No. 7 Commando was a unit of the British Commandos and part of the British Army during the Second World War. The commando was formed in August 1940 in the United Kingdom. No. 7 Commando was transferred to the Middle East as part of Layforce. Committed to the Battle of Crete, it suffered heavy casualties, after which it was disbanded.

Background
The commandos were formed in 1940, by the order of Winston Churchill the British prime minister. He called for specially trained troops that would "develop a reign of terror down the enemy coast".  At first they were a small force of volunteers who carried out small raids against enemy occupied territory, but by 1943 their role had changed into lightly equipped assault Infantry which specialised in spearheading amphibious landings.

The man initially selected as the overall commander of the force was Admiral Sir Roger Keyes himself a veteran of the landings at Galipoli and the Zeebrugge raid in the First World War. Keyes resigned in October 1941 and was replaced by Admiral Louis Mountbatten.

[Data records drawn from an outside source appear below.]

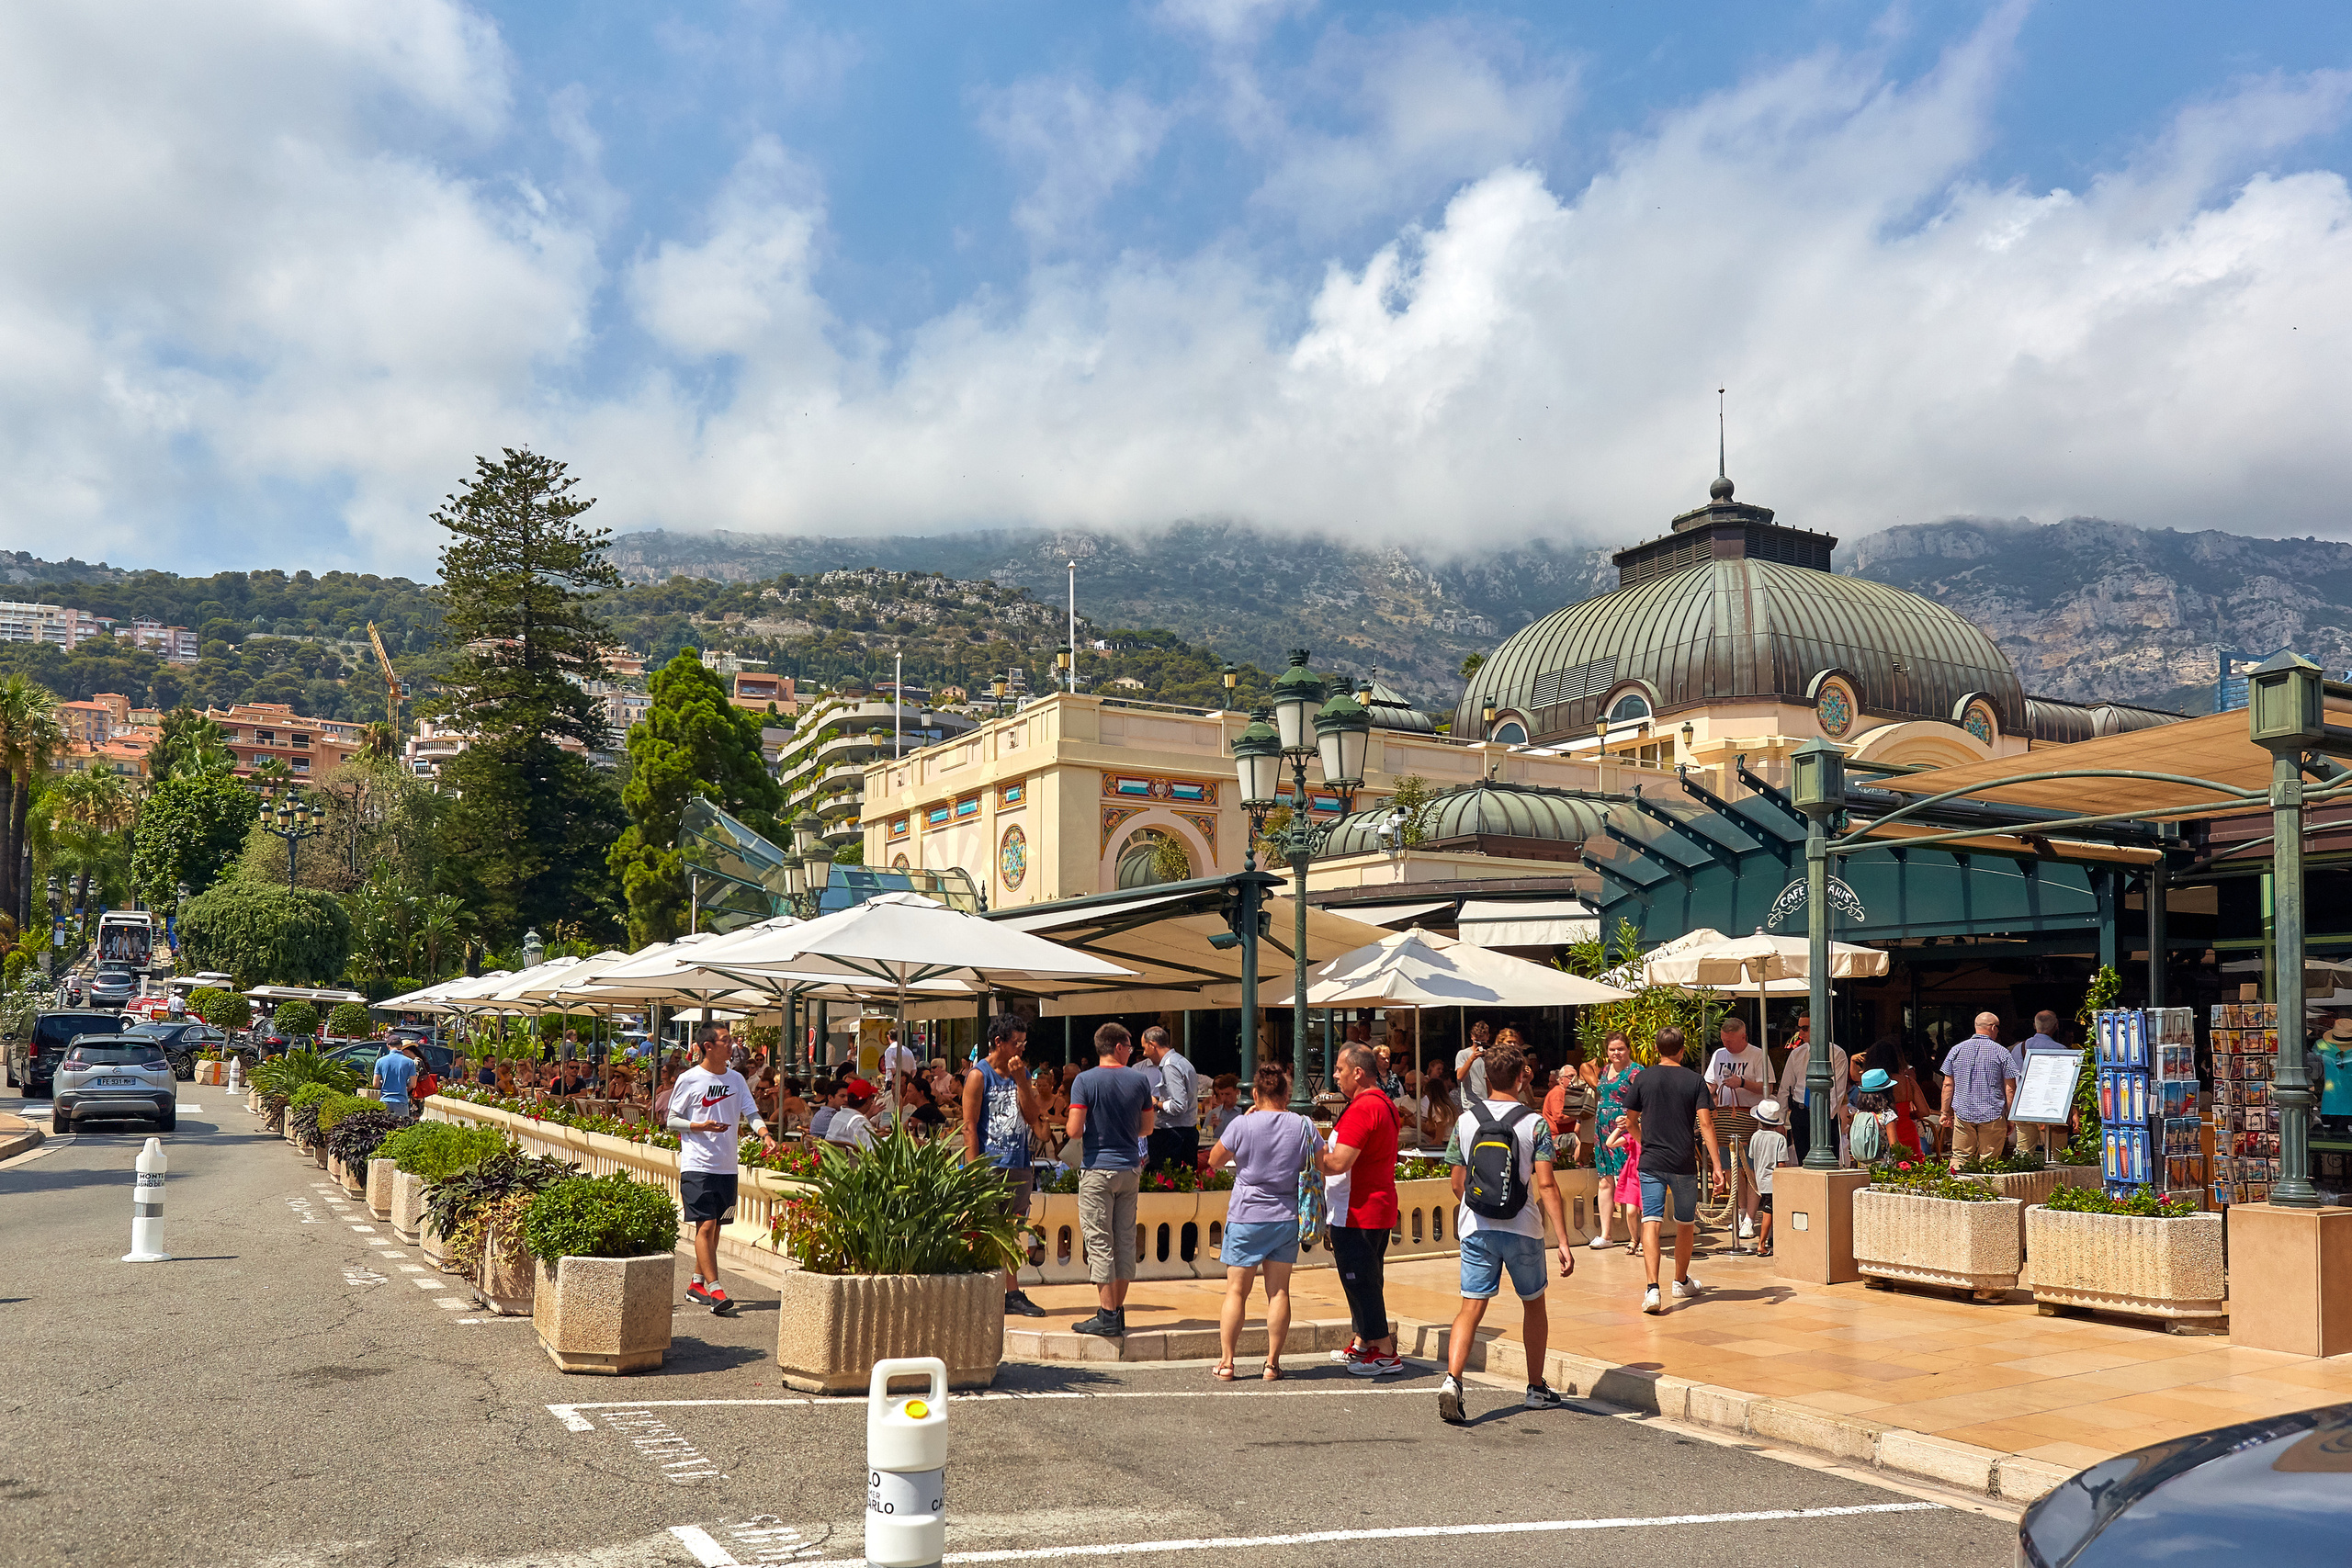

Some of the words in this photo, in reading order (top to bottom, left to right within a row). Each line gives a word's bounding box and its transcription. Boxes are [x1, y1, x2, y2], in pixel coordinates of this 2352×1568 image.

[1780, 886, 1805, 908] CAFE
[1827, 885, 1852, 903] ARIS
[1719, 1062, 1748, 1076] TMMY
[707, 1085, 730, 1098] NIKE
[1499, 1149, 1512, 1207] umbro
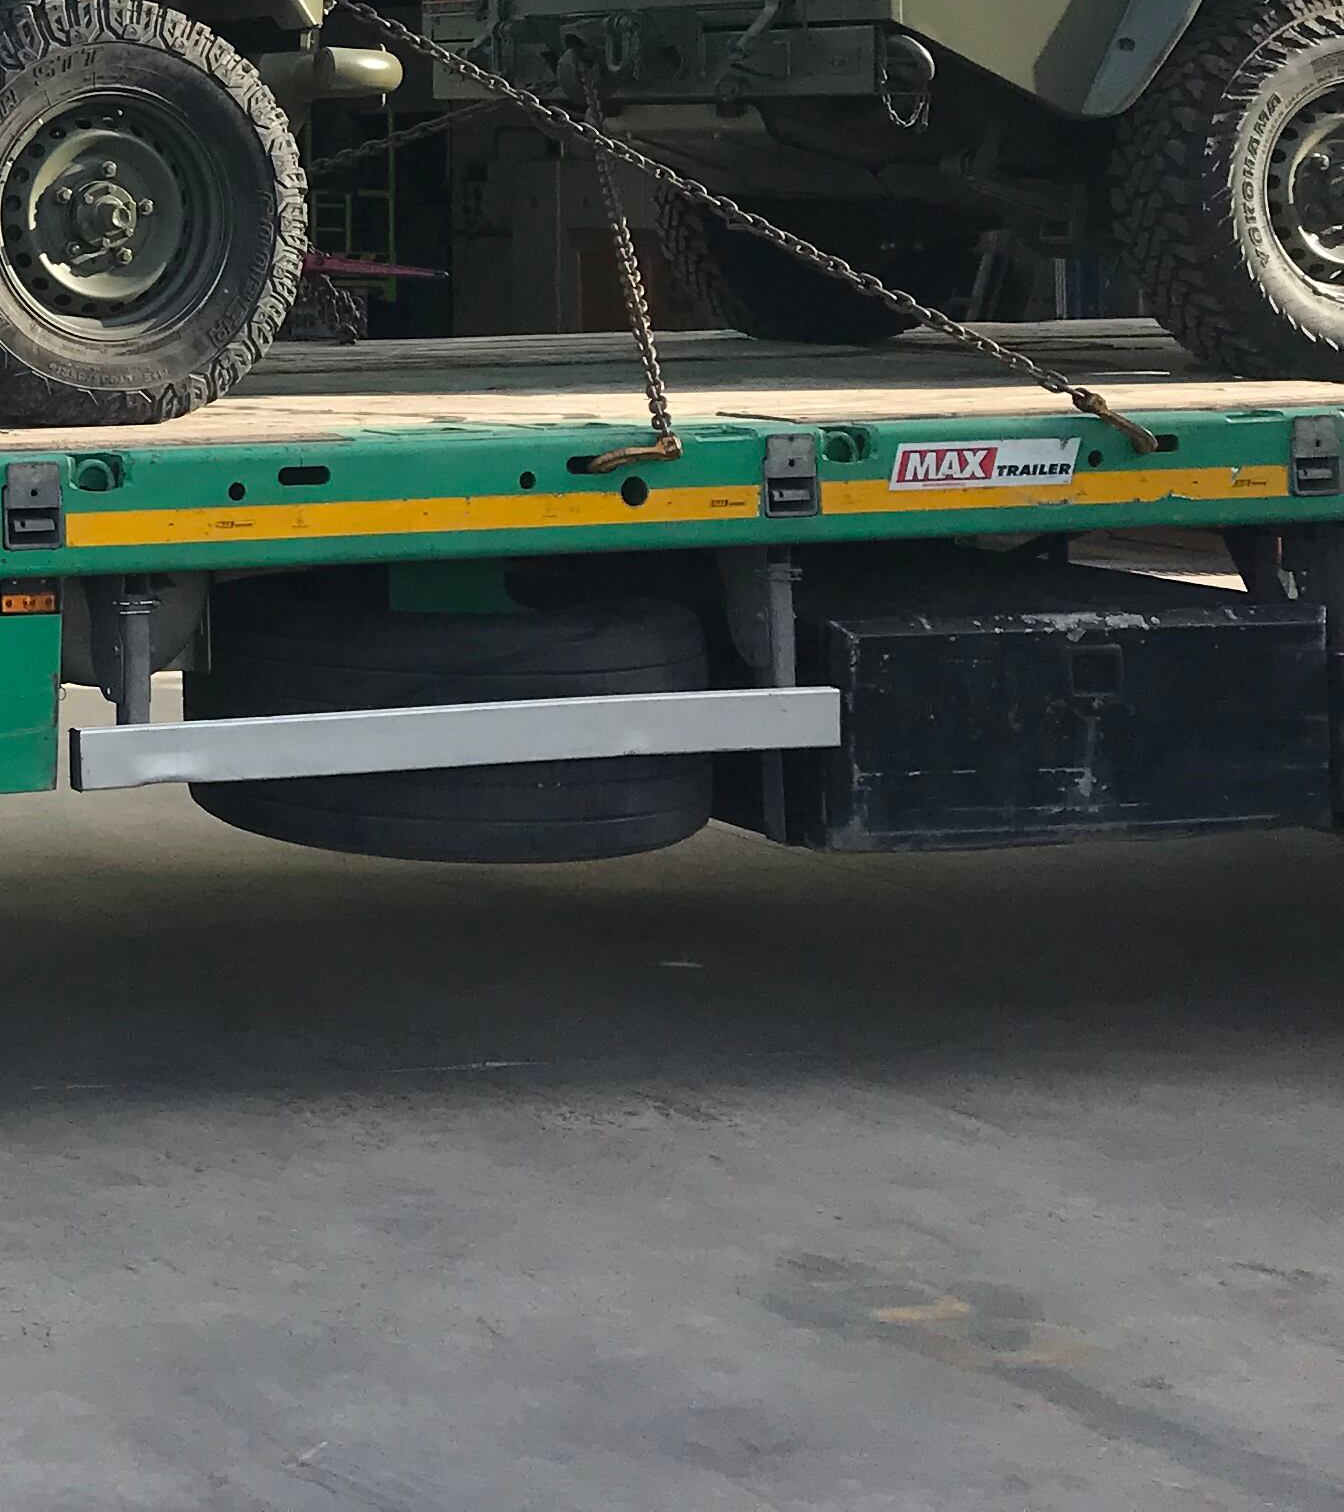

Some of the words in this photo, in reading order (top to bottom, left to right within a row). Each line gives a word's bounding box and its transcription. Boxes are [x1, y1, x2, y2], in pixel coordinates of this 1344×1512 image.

[1240, 92, 1281, 269] YOKOHAMA
[905, 450, 988, 481] MAX
[997, 463, 1072, 477] TRAILER
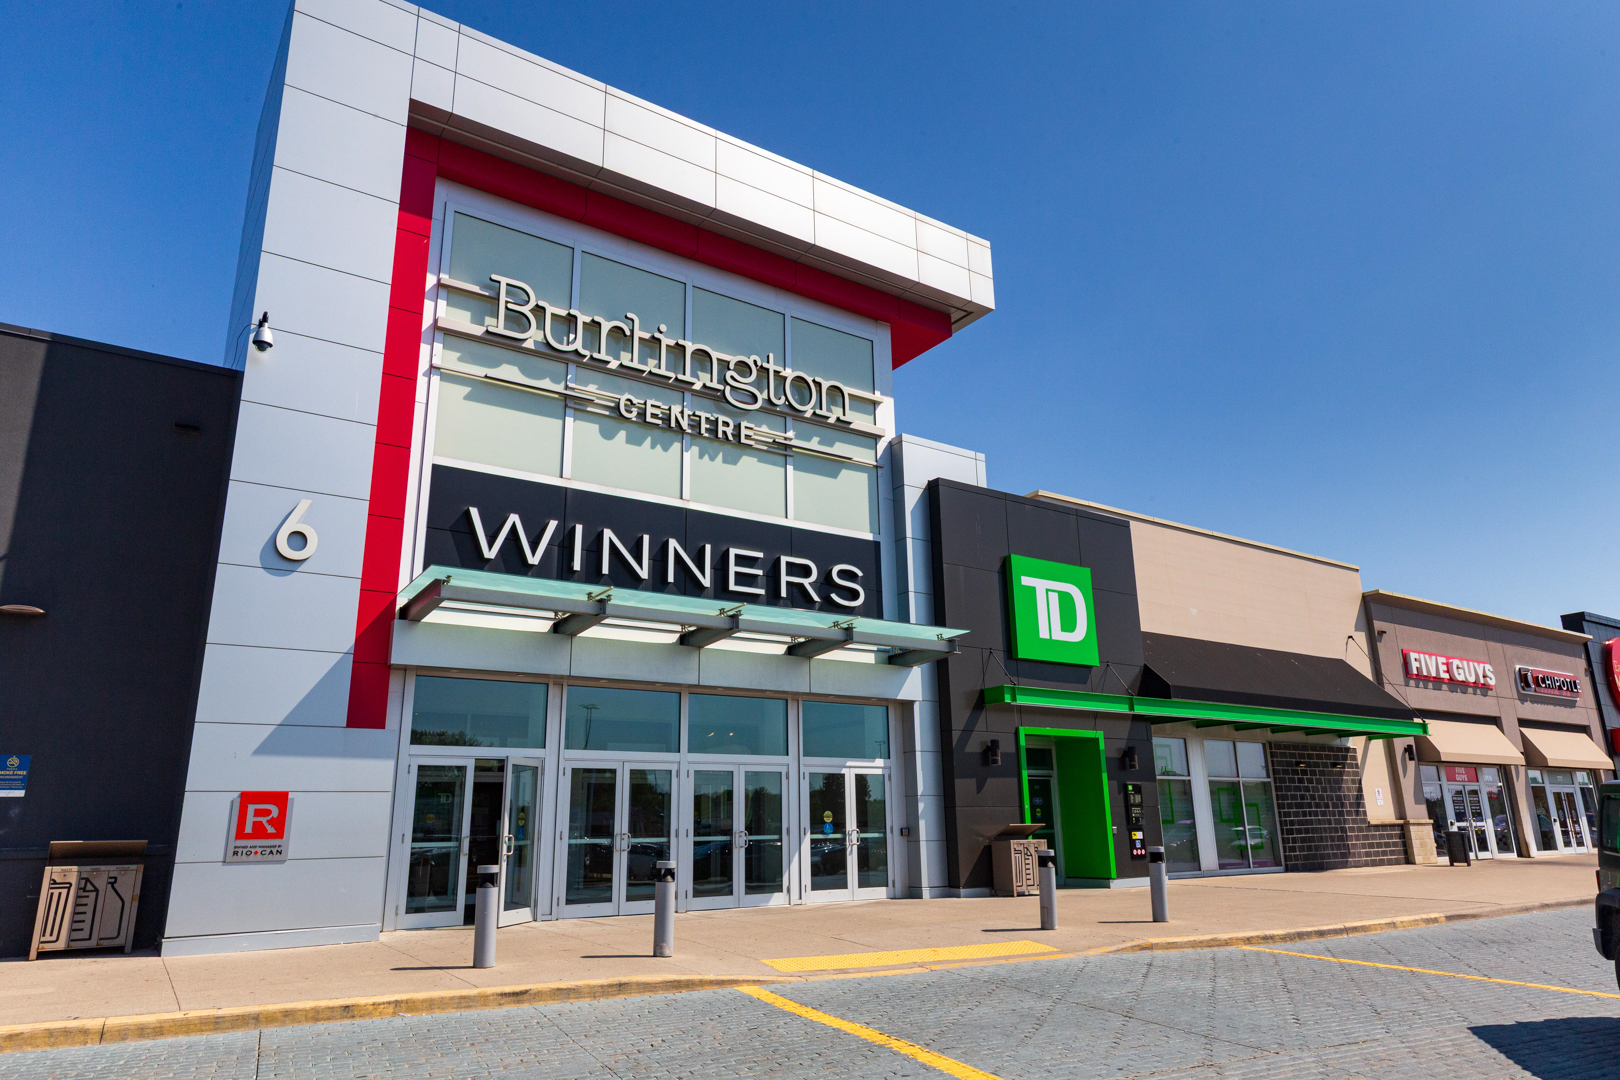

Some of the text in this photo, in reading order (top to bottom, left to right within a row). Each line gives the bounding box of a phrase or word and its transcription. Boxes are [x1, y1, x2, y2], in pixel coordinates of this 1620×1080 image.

[486, 273, 855, 423] Burlington
[617, 394, 756, 446] CENTRE
[275, 498, 318, 561] 6
[468, 506, 866, 608] WINNERS
[1020, 575, 1088, 643] TD
[1406, 651, 1496, 686] FIVE GUYS
[1537, 673, 1583, 693] CHIPOTLE
[1455, 774, 1468, 782] GUYS
[243, 804, 279, 833] R

By the autumn of 1940 more than 2,000 men had volunteered for commando training, and what became known as the Special Service Brigade was formed into 12 units called commandos. Each commando would number around 450 men commanded by a lieutenant colonel. They were sub divided into troops of 75 men and further divided into 15-man sections. Commandos were all volunteers seconded from other British Army regiments and retained their own cap badges and remained on their regimental roll for pay. All volunteers went through the six-week intensive commando course at Achnacarry. The course in the Scottish Highlands concentrated on fitness, speed marches, weapons training, map reading, climbing, small boat operations and demolitions both by day and by night.

History
No. 7 Commando was formed in Felixstowe in July 1940 and in December 1940 were sent to Scotland for boat training. They were then re-designated 3rd Special Service Battalion on 24 October 1941 and sent to the Middle East. On arrival in Alexandria they were assigned to Layforce – a commando formation commanded by Robert Laycock – as 'A' Battalion.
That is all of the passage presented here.